Stored dataset items:
* * * *

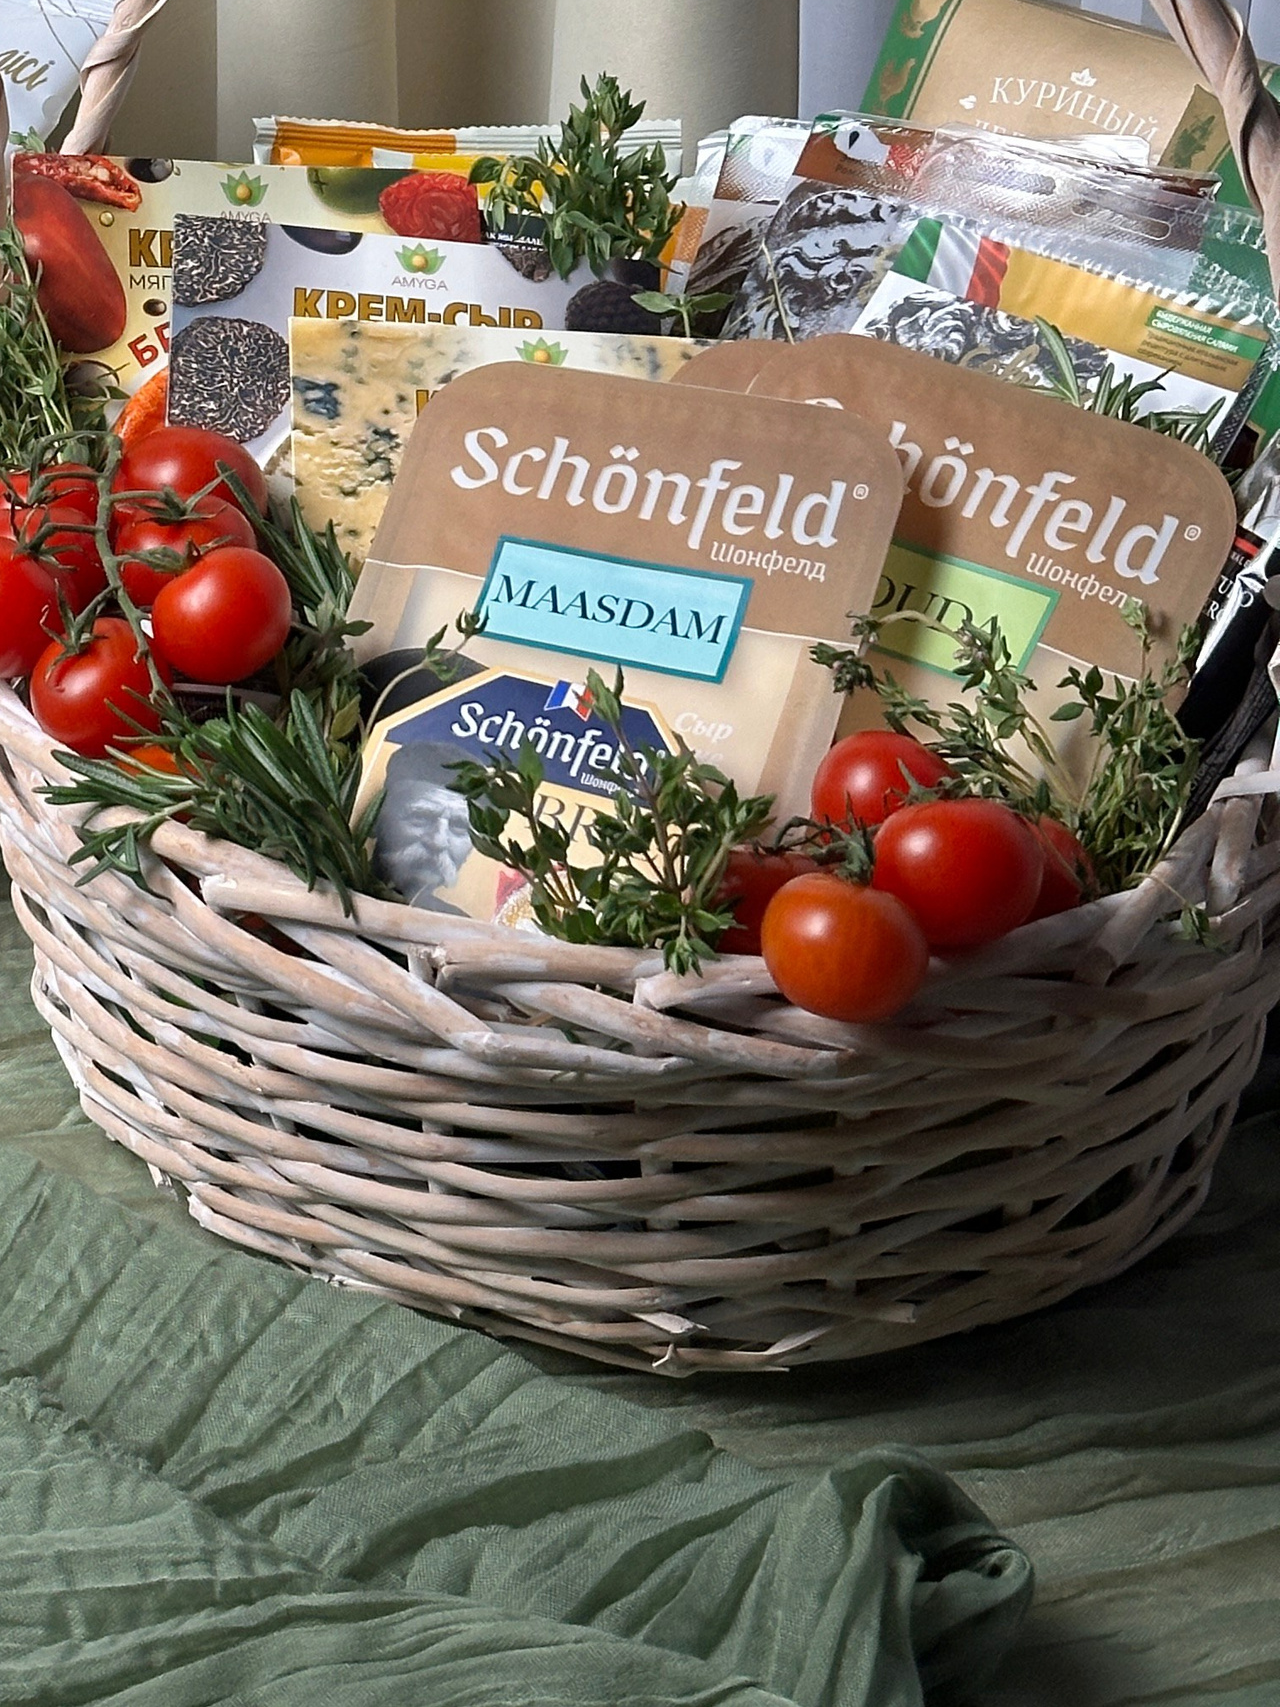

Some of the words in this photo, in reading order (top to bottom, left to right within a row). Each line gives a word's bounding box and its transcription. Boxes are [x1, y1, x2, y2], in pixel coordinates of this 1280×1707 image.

[989, 76, 1160, 143] КУРИНЫЙ
[129, 274, 172, 291] МЯГ
[391, 275, 448, 292] AMYGA
[293, 287, 544, 330] КРЕМ-СЫР
[450, 425, 848, 550] Schönfeld
[888, 420, 1180, 585] hönfeld
[710, 540, 827, 582] Шонфелд
[490, 572, 729, 645] MAASDAM
[675, 711, 734, 745] Сыр
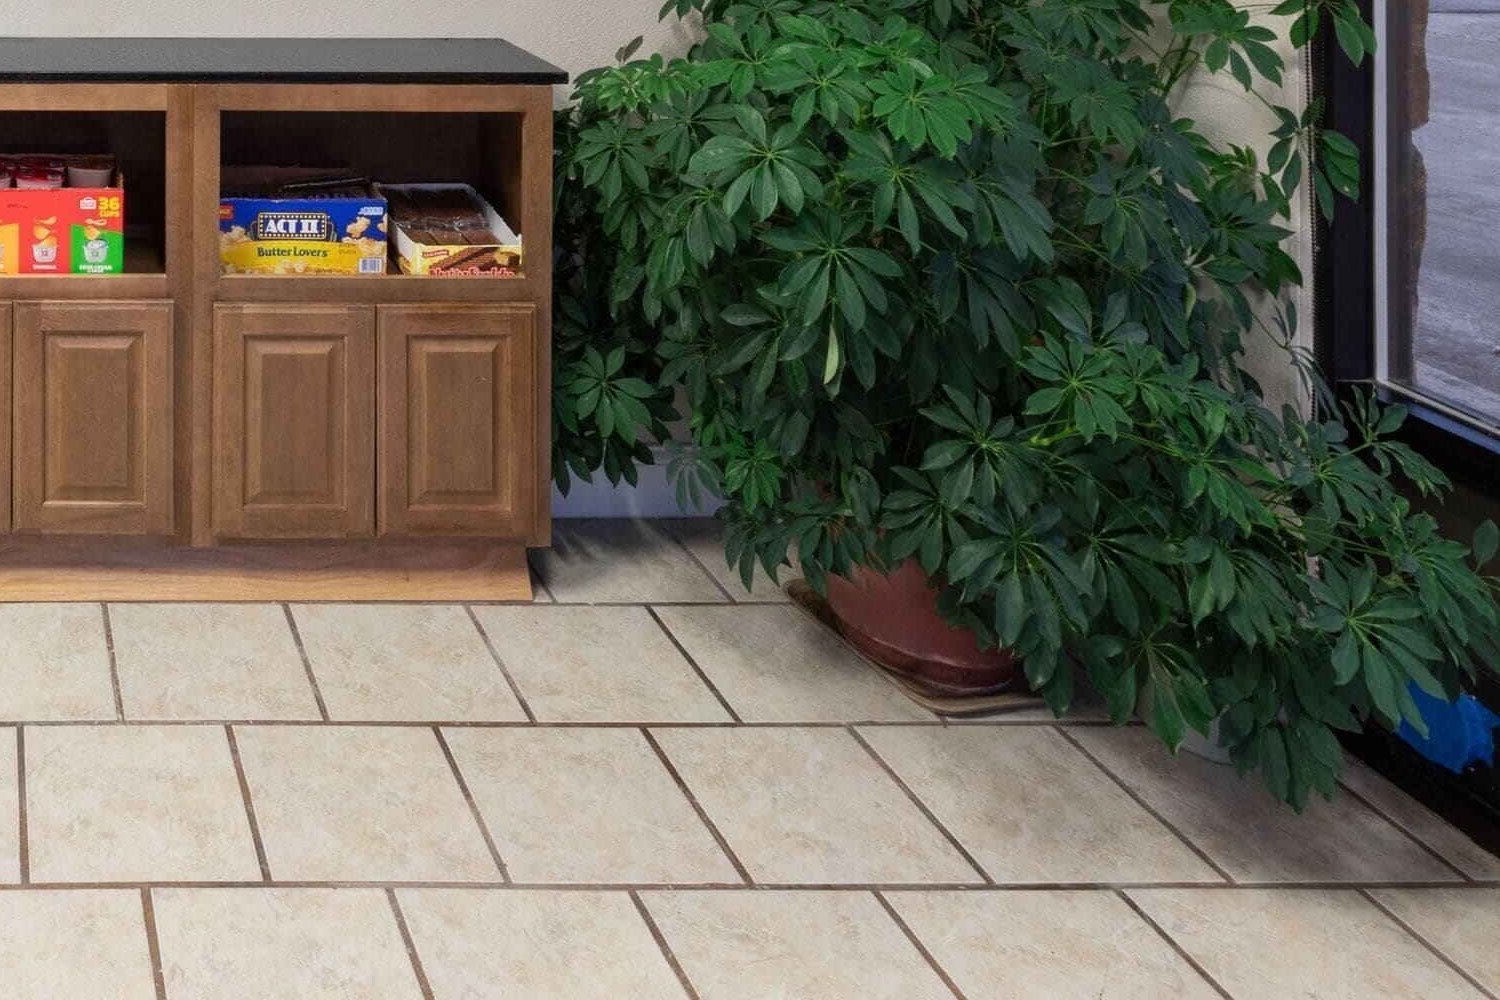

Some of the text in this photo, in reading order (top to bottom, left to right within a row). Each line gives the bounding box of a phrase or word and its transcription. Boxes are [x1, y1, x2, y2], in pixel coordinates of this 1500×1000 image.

[98, 197, 120, 211] 36
[99, 210, 120, 218] CUPS
[265, 219, 320, 234] ACT II
[41, 249, 49, 257] 12
[257, 248, 290, 258] Butter
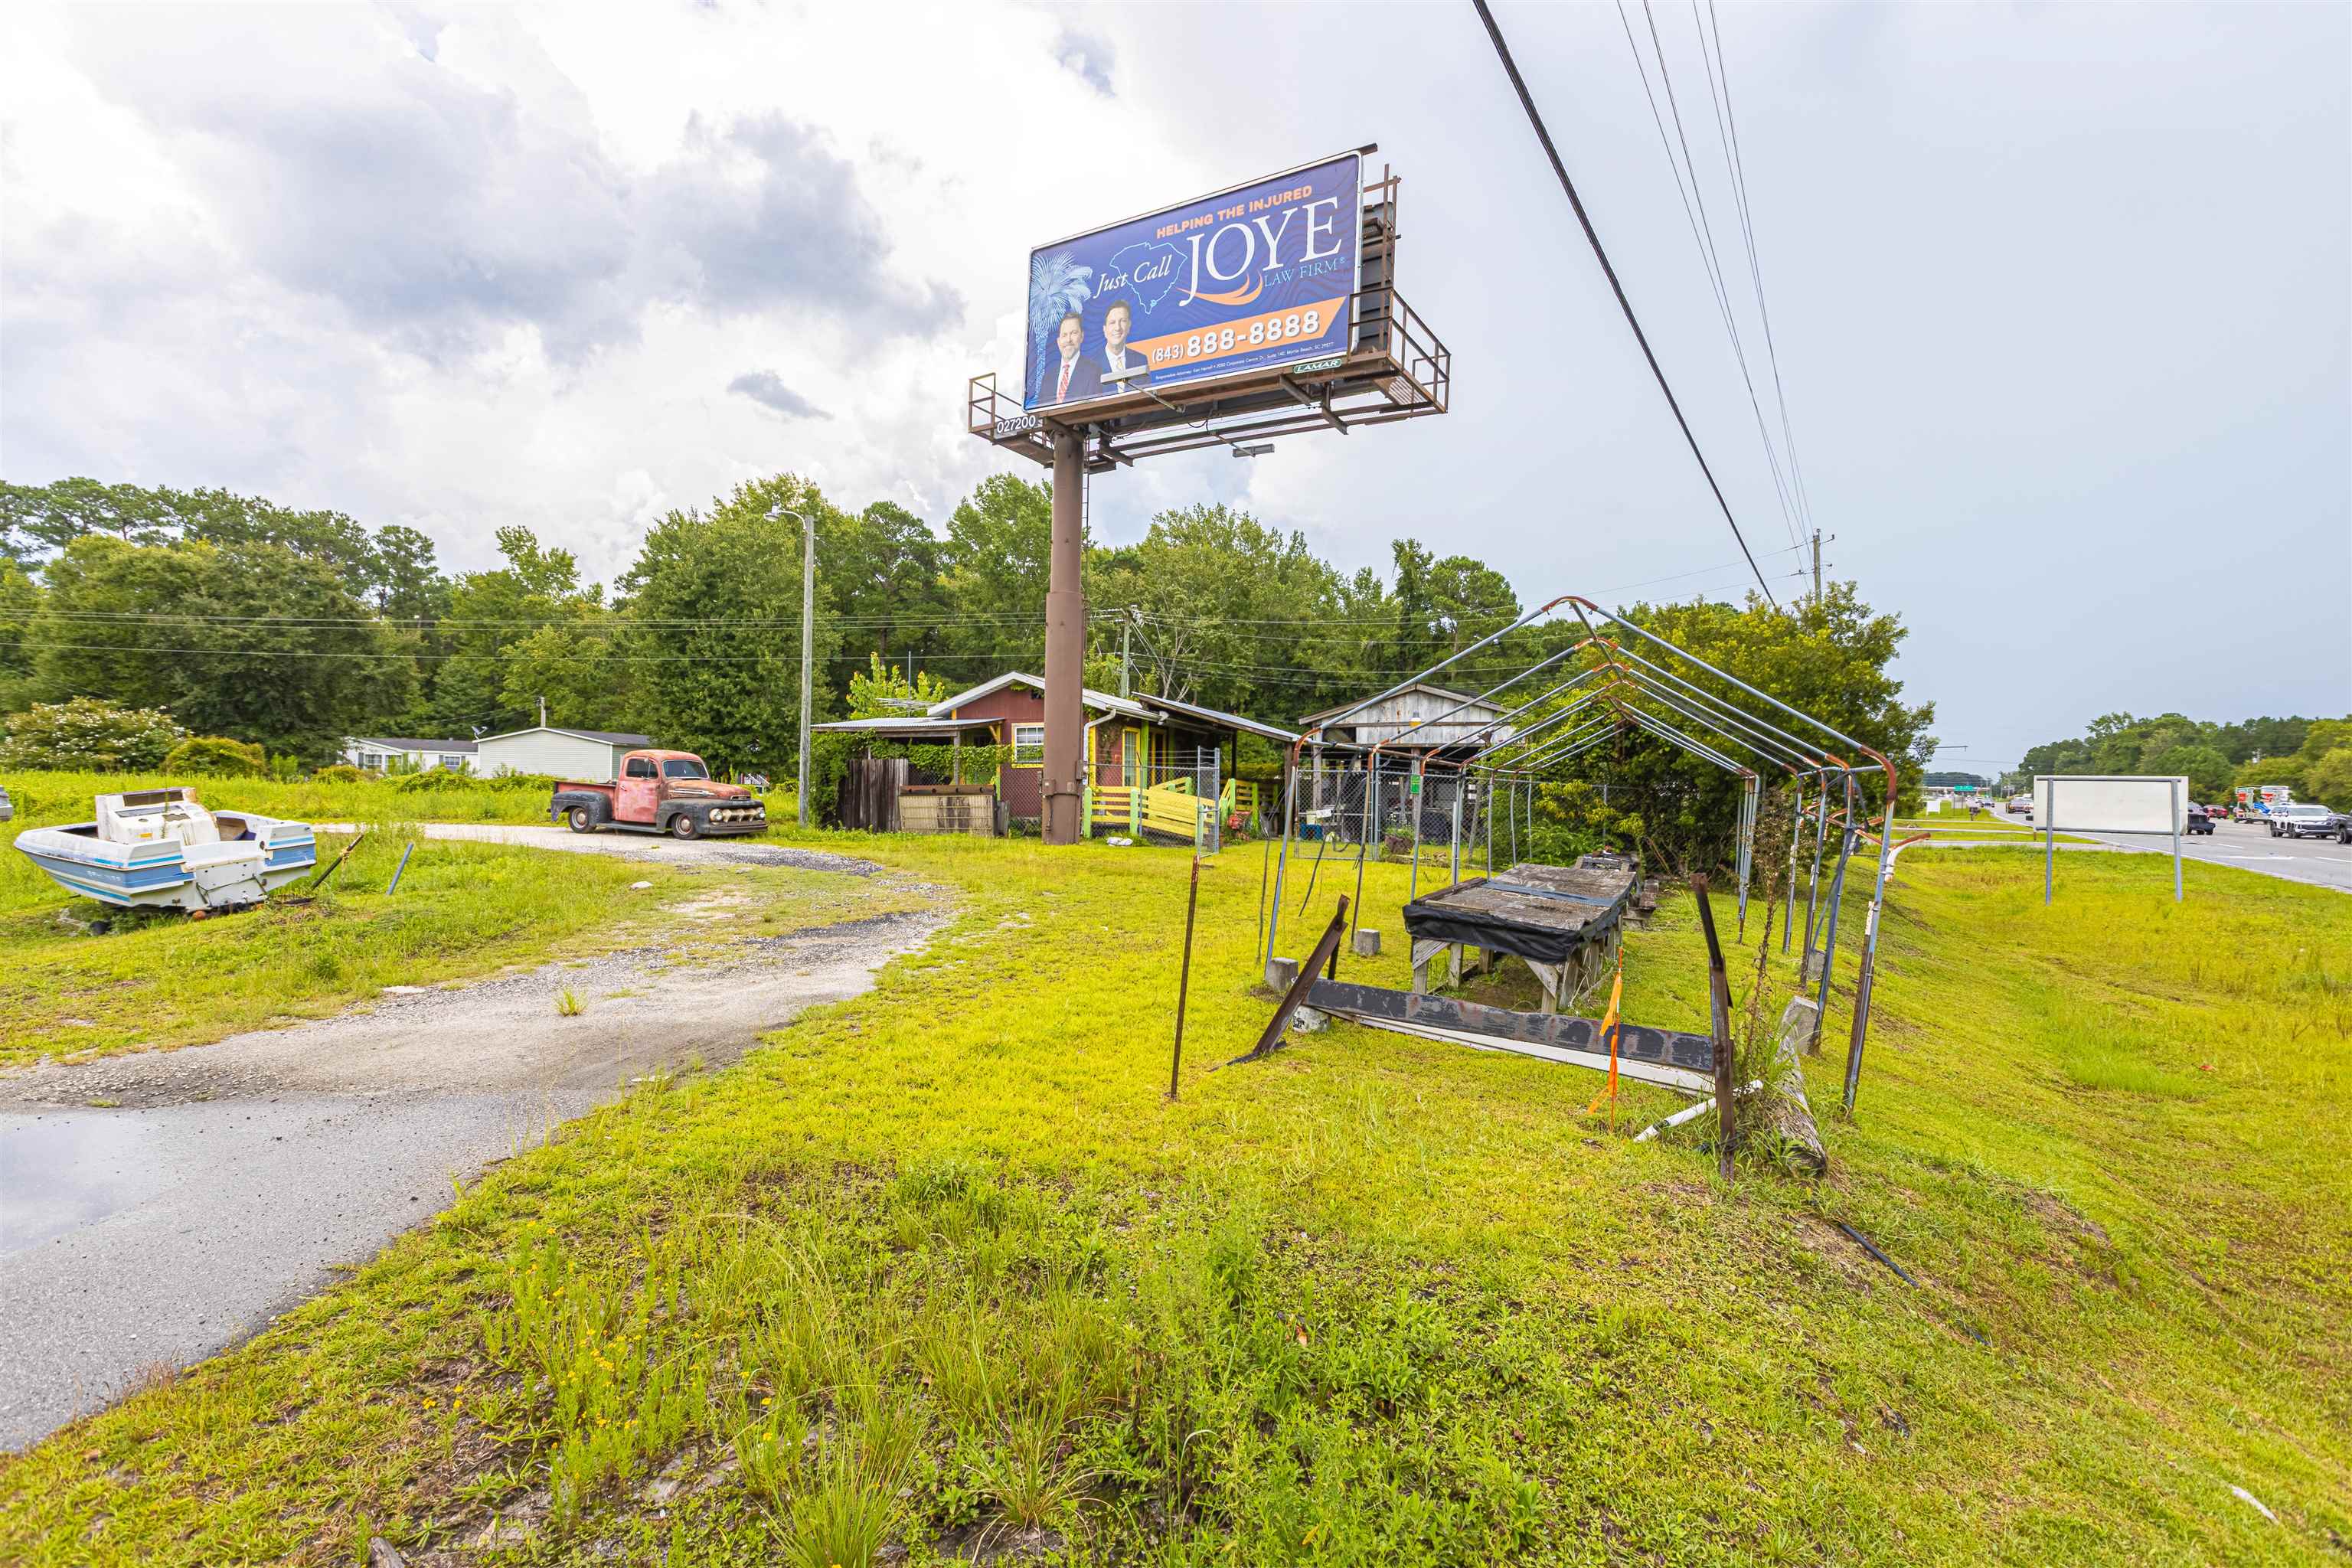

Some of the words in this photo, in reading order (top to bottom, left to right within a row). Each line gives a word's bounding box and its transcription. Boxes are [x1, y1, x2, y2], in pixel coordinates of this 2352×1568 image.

[1156, 213, 1214, 239] HELPING
[1217, 204, 1245, 221] THE
[1249, 185, 1312, 212] INJURED
[1179, 196, 1342, 307] JOYE
[1093, 272, 1129, 299] Just
[1134, 254, 1172, 283] Call
[1264, 269, 1294, 287] LAW
[1152, 344, 1184, 363] (843)
[1187, 310, 1319, 358] 888-8888
[1297, 360, 1338, 371] LAMAR
[997, 415, 1036, 433] 027200

* * * *

• **Task to carry out**
What is needed is an exact transcription of every entry, minus the pictures.

• **Answer area**
Some of the words in this photo, in reading order (top to bottom, left to right within a row). Each line gives a word's bounding box and its transcription. Boxes are [x1, y1, x2, y2], in pixel coordinates of this 1280×1707 image.

[989, 76, 1160, 143] КУРИНЫЙ
[129, 274, 172, 291] МЯГ
[391, 275, 448, 292] AMYGA
[293, 287, 544, 330] КРЕМ-СЫР
[450, 425, 848, 550] Schönfeld
[888, 420, 1180, 585] hönfeld
[710, 540, 827, 582] Шонфелд
[490, 572, 729, 645] MAASDAM
[675, 711, 734, 745] Сыр

Some of the text in this photo, in reading order (top to bottom, left to right within a row). Each line gives the bounding box of a phrase or word and its transcription. Boxes are [x1, y1, x2, y2], in pixel coordinates of this 1500×1000 image.

[98, 197, 120, 211] 36
[99, 210, 120, 218] CUPS
[265, 219, 320, 234] ACT II
[41, 249, 49, 257] 12
[257, 248, 290, 258] Butter

Some of the words in this photo, in reading order (top to bottom, left to right within a row). Each line gives a word's bounding box and its transcription. Boxes are [x1, y1, x2, y2], in pixel coordinates of this 2352×1568 image.

[1156, 213, 1214, 239] HELPING
[1217, 204, 1245, 221] THE
[1249, 185, 1312, 212] INJURED
[1179, 196, 1342, 307] JOYE
[1093, 272, 1129, 299] Just
[1134, 254, 1172, 283] Call
[1264, 269, 1294, 287] LAW
[1152, 344, 1184, 363] (843)
[1187, 310, 1319, 358] 888-8888
[1297, 360, 1338, 371] LAMAR
[997, 415, 1036, 433] 027200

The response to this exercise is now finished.